§ What you have to do
Return the whole listing exactly, omitting the pictures.

§ The input
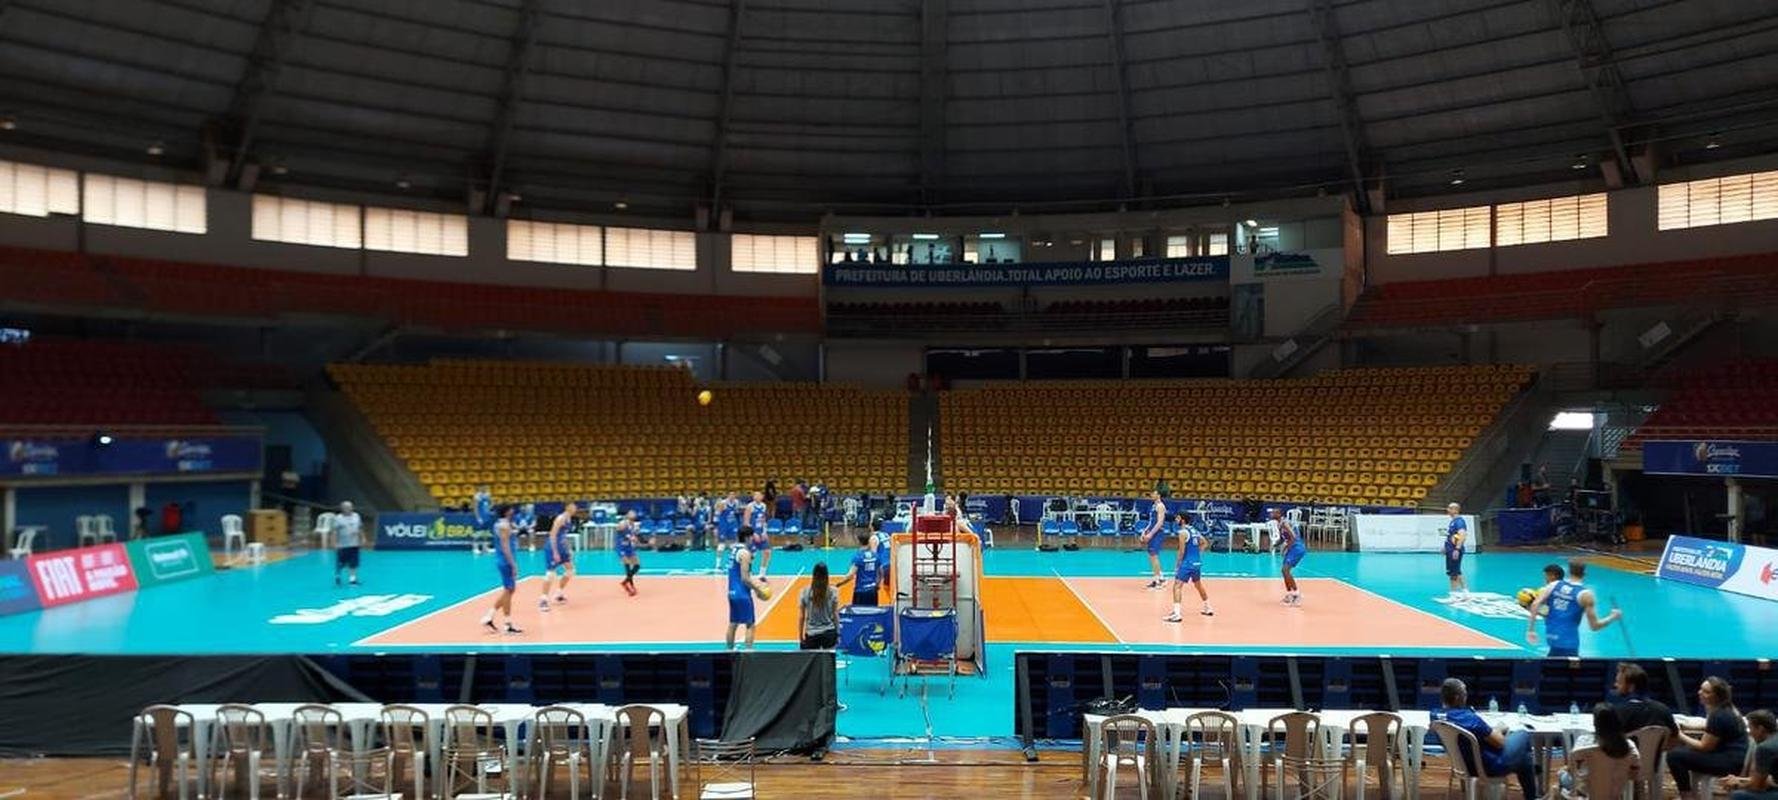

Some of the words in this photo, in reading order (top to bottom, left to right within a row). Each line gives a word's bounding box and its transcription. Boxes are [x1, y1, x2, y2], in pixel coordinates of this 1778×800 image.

[835, 269, 908, 282] PREFEITURA
[910, 271, 927, 282] DE
[1044, 267, 1083, 281] APOIO
[1084, 266, 1102, 279] AO
[1104, 263, 1161, 279] ESPORTE
[1163, 263, 1172, 276] E
[35, 556, 84, 600] FIAT
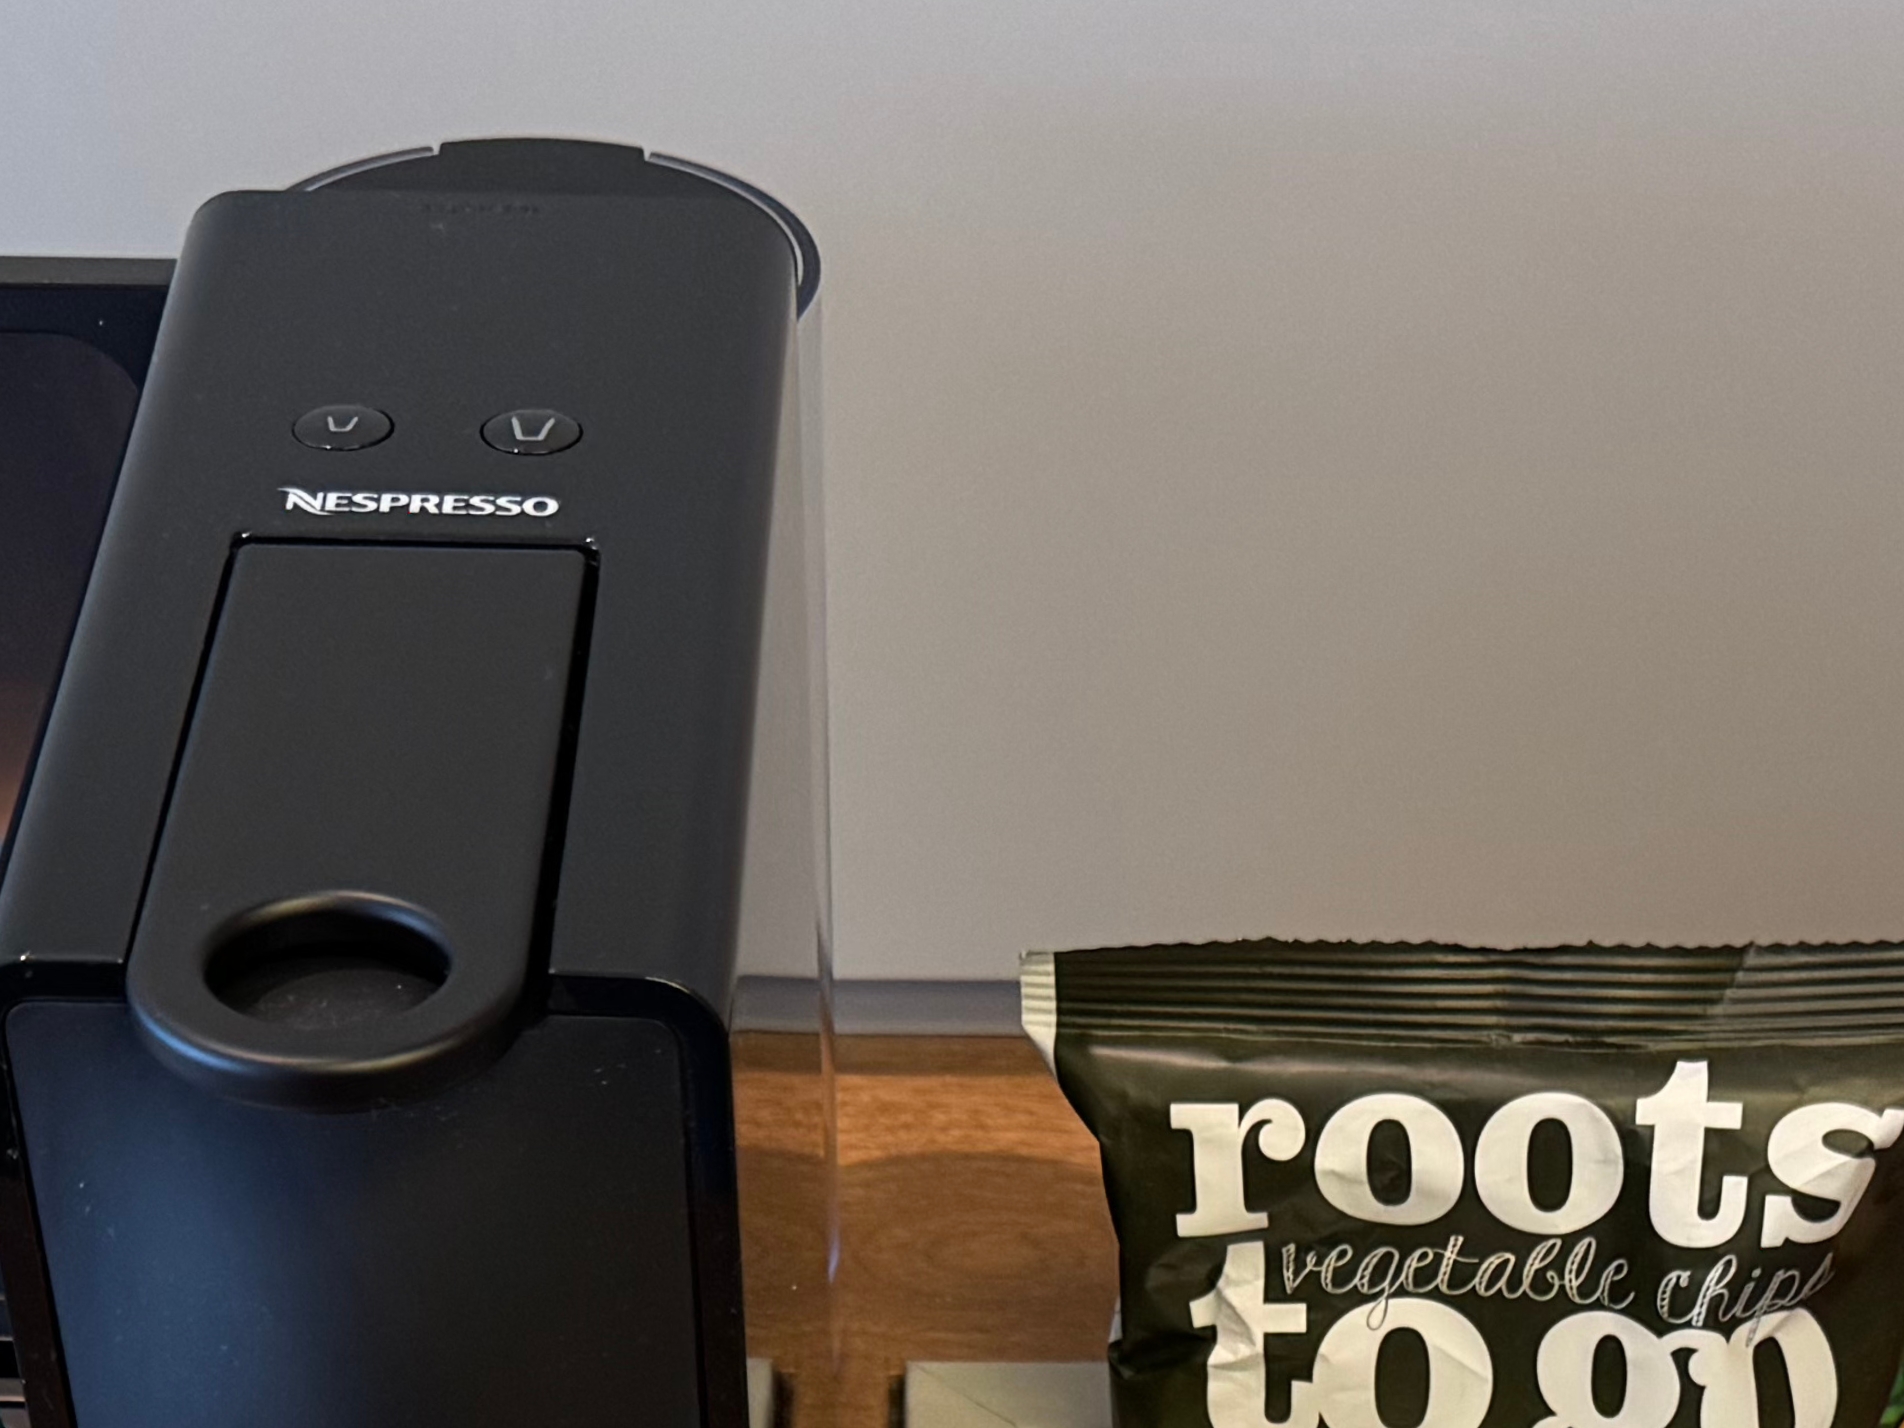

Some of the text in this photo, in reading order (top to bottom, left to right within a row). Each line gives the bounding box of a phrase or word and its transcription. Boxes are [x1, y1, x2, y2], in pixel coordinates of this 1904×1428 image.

[277, 487, 560, 517] NESPRESSO
[1281, 1235, 1836, 1348] vegetable chips

§ Result of this exercise
Some of the words in this photo, in reading order (top to bottom, left to right within a row). Each line gives a word's bounding box and its transcription. Boxes are [x1, y1, x2, y2], in pixel coordinates of this 1778×800 image.

[835, 269, 908, 282] PREFEITURA
[910, 271, 927, 282] DE
[1044, 267, 1083, 281] APOIO
[1084, 266, 1102, 279] AO
[1104, 263, 1161, 279] ESPORTE
[1163, 263, 1172, 276] E
[35, 556, 84, 600] FIAT

Some of the text in this photo, in reading order (top to bottom, left to right within a row). Each line gives the bounding box of a phrase or word and its transcription. Boxes are [x1, y1, x2, y2], in pixel coordinates of this 1904×1428 image.

[277, 487, 560, 517] NESPRESSO
[1281, 1235, 1836, 1348] vegetable chips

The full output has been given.